╭──

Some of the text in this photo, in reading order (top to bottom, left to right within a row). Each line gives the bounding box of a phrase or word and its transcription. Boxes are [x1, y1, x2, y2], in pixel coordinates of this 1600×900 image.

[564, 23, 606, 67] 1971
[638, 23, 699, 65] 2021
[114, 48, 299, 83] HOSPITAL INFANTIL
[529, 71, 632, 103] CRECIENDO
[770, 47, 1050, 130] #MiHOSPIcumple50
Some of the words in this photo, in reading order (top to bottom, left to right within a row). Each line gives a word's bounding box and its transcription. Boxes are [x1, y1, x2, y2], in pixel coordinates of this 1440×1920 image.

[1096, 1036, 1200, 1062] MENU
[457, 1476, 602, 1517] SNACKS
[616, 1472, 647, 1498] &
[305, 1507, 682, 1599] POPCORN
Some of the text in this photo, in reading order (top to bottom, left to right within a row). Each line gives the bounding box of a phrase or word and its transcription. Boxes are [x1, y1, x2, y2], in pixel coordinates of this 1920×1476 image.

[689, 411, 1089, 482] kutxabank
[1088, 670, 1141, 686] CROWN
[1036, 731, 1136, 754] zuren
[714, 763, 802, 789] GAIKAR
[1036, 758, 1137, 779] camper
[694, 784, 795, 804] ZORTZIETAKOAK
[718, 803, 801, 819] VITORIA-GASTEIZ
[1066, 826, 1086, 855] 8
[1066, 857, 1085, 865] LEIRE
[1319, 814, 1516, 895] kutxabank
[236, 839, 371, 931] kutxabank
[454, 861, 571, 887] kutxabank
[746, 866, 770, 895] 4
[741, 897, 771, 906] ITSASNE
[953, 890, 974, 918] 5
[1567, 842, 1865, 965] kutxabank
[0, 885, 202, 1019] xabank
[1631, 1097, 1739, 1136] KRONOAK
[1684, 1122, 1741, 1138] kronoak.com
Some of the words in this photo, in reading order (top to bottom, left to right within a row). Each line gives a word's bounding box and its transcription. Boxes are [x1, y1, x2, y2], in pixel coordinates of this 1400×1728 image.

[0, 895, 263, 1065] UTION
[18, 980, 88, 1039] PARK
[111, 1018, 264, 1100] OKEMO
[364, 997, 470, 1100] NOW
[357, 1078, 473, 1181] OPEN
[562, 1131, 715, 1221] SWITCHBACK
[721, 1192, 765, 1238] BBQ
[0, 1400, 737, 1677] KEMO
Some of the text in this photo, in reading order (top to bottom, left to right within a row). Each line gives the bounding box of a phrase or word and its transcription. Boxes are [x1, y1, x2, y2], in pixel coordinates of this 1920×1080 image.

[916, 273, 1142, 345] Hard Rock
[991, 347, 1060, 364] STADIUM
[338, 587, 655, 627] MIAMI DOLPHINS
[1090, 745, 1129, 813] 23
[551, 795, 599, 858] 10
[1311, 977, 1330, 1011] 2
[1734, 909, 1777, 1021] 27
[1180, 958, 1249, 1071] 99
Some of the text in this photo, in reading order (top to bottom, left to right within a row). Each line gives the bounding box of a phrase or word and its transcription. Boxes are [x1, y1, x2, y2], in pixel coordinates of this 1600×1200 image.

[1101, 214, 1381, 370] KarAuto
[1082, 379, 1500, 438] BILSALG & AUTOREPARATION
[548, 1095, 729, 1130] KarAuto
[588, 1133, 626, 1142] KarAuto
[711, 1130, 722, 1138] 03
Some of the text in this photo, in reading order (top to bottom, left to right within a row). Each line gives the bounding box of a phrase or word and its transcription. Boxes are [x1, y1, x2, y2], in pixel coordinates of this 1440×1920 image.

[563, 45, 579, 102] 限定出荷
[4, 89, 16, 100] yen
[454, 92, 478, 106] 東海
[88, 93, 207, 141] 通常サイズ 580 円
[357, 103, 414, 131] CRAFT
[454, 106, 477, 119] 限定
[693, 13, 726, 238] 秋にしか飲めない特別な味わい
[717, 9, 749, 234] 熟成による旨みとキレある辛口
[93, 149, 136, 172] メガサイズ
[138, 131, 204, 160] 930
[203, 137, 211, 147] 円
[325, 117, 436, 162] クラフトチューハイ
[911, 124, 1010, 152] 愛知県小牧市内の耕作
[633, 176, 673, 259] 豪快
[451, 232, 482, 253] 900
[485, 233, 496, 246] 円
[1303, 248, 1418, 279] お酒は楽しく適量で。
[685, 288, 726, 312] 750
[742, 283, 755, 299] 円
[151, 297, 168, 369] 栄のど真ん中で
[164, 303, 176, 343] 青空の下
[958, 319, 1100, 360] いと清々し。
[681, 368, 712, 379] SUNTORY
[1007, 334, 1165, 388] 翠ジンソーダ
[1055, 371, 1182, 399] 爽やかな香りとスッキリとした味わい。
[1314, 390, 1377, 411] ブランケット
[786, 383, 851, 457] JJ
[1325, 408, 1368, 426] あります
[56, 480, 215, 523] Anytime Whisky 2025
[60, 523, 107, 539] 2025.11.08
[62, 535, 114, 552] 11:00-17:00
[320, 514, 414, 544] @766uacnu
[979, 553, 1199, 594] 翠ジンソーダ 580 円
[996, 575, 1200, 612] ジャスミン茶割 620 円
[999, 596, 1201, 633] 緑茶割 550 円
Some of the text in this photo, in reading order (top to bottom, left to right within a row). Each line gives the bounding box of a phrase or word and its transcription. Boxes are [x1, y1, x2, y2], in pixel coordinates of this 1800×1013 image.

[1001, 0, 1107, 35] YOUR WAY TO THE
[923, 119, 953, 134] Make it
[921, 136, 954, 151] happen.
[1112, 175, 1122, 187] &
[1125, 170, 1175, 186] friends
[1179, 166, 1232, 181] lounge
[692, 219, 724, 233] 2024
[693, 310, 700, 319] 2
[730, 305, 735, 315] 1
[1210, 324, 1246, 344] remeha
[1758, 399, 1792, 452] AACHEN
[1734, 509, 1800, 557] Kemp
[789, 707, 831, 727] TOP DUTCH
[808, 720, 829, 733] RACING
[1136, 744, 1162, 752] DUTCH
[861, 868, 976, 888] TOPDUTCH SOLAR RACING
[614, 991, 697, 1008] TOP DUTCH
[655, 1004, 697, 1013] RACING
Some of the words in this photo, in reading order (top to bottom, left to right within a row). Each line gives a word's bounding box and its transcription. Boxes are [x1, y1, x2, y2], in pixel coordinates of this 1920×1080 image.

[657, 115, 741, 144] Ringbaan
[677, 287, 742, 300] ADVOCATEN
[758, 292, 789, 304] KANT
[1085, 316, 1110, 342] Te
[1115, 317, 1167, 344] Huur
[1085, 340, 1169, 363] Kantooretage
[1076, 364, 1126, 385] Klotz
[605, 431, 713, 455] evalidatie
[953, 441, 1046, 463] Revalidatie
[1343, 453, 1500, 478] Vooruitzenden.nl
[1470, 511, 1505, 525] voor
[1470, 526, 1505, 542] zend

╰──

**WHAT TO WORK ON:** Exactly reproduce all of the entries above.

**RESPONSE BELOW:**
Some of the text in this photo, in reading order (top to bottom, left to right within a row). Each line gives the bounding box of a phrase or word and its transcription. Boxes are [x1, y1, x2, y2], in pixel coordinates of this 1600×900 image.

[564, 23, 606, 67] 1971
[638, 23, 699, 65] 2021
[114, 48, 299, 83] HOSPITAL INFANTIL
[529, 71, 632, 103] CRECIENDO
[770, 47, 1050, 130] #MiHOSPIcumple50
Some of the words in this photo, in reading order (top to bottom, left to right within a row). Each line gives a word's bounding box and its transcription. Boxes are [x1, y1, x2, y2], in pixel coordinates of this 1440×1920 image.

[1096, 1036, 1200, 1062] MENU
[457, 1476, 602, 1517] SNACKS
[616, 1472, 647, 1498] &
[305, 1507, 682, 1599] POPCORN
Some of the text in this photo, in reading order (top to bottom, left to right within a row). Each line gives the bounding box of a phrase or word and its transcription. Boxes are [x1, y1, x2, y2], in pixel coordinates of this 1920×1476 image.

[689, 411, 1089, 482] kutxabank
[1088, 670, 1141, 686] CROWN
[1036, 731, 1136, 754] zuren
[714, 763, 802, 789] GAIKAR
[1036, 758, 1137, 779] camper
[694, 784, 795, 804] ZORTZIETAKOAK
[718, 803, 801, 819] VITORIA-GASTEIZ
[1066, 826, 1086, 855] 8
[1066, 857, 1085, 865] LEIRE
[1319, 814, 1516, 895] kutxabank
[236, 839, 371, 931] kutxabank
[454, 861, 571, 887] kutxabank
[746, 866, 770, 895] 4
[741, 897, 771, 906] ITSASNE
[953, 890, 974, 918] 5
[1567, 842, 1865, 965] kutxabank
[0, 885, 202, 1019] xabank
[1631, 1097, 1739, 1136] KRONOAK
[1684, 1122, 1741, 1138] kronoak.com
Some of the words in this photo, in reading order (top to bottom, left to right within a row). Each line gives a word's bounding box and its transcription. Boxes are [x1, y1, x2, y2], in pixel coordinates of this 1400×1728 image.

[0, 895, 263, 1065] UTION
[18, 980, 88, 1039] PARK
[111, 1018, 264, 1100] OKEMO
[364, 997, 470, 1100] NOW
[357, 1078, 473, 1181] OPEN
[562, 1131, 715, 1221] SWITCHBACK
[721, 1192, 765, 1238] BBQ
[0, 1400, 737, 1677] KEMO
Some of the text in this photo, in reading order (top to bottom, left to right within a row). Each line gives the bounding box of a phrase or word and its transcription. Boxes are [x1, y1, x2, y2], in pixel coordinates of this 1920×1080 image.

[916, 273, 1142, 345] Hard Rock
[991, 347, 1060, 364] STADIUM
[338, 587, 655, 627] MIAMI DOLPHINS
[1090, 745, 1129, 813] 23
[551, 795, 599, 858] 10
[1311, 977, 1330, 1011] 2
[1734, 909, 1777, 1021] 27
[1180, 958, 1249, 1071] 99
Some of the text in this photo, in reading order (top to bottom, left to right within a row). Each line gives the bounding box of a phrase or word and its transcription. Boxes are [x1, y1, x2, y2], in pixel coordinates of this 1600×1200 image.

[1101, 214, 1381, 370] KarAuto
[1082, 379, 1500, 438] BILSALG & AUTOREPARATION
[548, 1095, 729, 1130] KarAuto
[588, 1133, 626, 1142] KarAuto
[711, 1130, 722, 1138] 03
Some of the text in this photo, in reading order (top to bottom, left to right within a row). Each line gives the bounding box of a phrase or word and its transcription. Boxes are [x1, y1, x2, y2], in pixel coordinates of this 1440×1920 image.

[563, 45, 579, 102] 限定出荷
[4, 89, 16, 100] yen
[454, 92, 478, 106] 東海
[88, 93, 207, 141] 通常サイズ 580 円
[357, 103, 414, 131] CRAFT
[454, 106, 477, 119] 限定
[693, 13, 726, 238] 秋にしか飲めない特別な味わい
[717, 9, 749, 234] 熟成による旨みとキレある辛口
[93, 149, 136, 172] メガサイズ
[138, 131, 204, 160] 930
[203, 137, 211, 147] 円
[325, 117, 436, 162] クラフトチューハイ
[911, 124, 1010, 152] 愛知県小牧市内の耕作
[633, 176, 673, 259] 豪快
[451, 232, 482, 253] 900
[485, 233, 496, 246] 円
[1303, 248, 1418, 279] お酒は楽しく適量で。
[685, 288, 726, 312] 750
[742, 283, 755, 299] 円
[151, 297, 168, 369] 栄のど真ん中で
[164, 303, 176, 343] 青空の下
[958, 319, 1100, 360] いと清々し。
[681, 368, 712, 379] SUNTORY
[1007, 334, 1165, 388] 翠ジンソーダ
[1055, 371, 1182, 399] 爽やかな香りとスッキリとした味わい。
[1314, 390, 1377, 411] ブランケット
[786, 383, 851, 457] JJ
[1325, 408, 1368, 426] あります
[56, 480, 215, 523] Anytime Whisky 2025
[60, 523, 107, 539] 2025.11.08
[62, 535, 114, 552] 11:00-17:00
[320, 514, 414, 544] @766uacnu
[979, 553, 1199, 594] 翠ジンソーダ 580 円
[996, 575, 1200, 612] ジャスミン茶割 620 円
[999, 596, 1201, 633] 緑茶割 550 円
Some of the text in this photo, in reading order (top to bottom, left to right within a row). Each line gives the bounding box of a phrase or word and its transcription. Boxes are [x1, y1, x2, y2], in pixel coordinates of this 1800×1013 image.

[1001, 0, 1107, 35] YOUR WAY TO THE
[923, 119, 953, 134] Make it
[921, 136, 954, 151] happen.
[1112, 175, 1122, 187] &
[1125, 170, 1175, 186] friends
[1179, 166, 1232, 181] lounge
[692, 219, 724, 233] 2024
[693, 310, 700, 319] 2
[730, 305, 735, 315] 1
[1210, 324, 1246, 344] remeha
[1758, 399, 1792, 452] AACHEN
[1734, 509, 1800, 557] Kemp
[789, 707, 831, 727] TOP DUTCH
[808, 720, 829, 733] RACING
[1136, 744, 1162, 752] DUTCH
[861, 868, 976, 888] TOPDUTCH SOLAR RACING
[614, 991, 697, 1008] TOP DUTCH
[655, 1004, 697, 1013] RACING
Some of the words in this photo, in reading order (top to bottom, left to right within a row). Each line gives a word's bounding box and its transcription. Boxes are [x1, y1, x2, y2], in pixel coordinates of this 1920×1080 image.

[657, 115, 741, 144] Ringbaan
[677, 287, 742, 300] ADVOCATEN
[758, 292, 789, 304] KANT
[1085, 316, 1110, 342] Te
[1115, 317, 1167, 344] Huur
[1085, 340, 1169, 363] Kantooretage
[1076, 364, 1126, 385] Klotz
[605, 431, 713, 455] evalidatie
[953, 441, 1046, 463] Revalidatie
[1343, 453, 1500, 478] Vooruitzenden.nl
[1470, 511, 1505, 525] voor
[1470, 526, 1505, 542] zend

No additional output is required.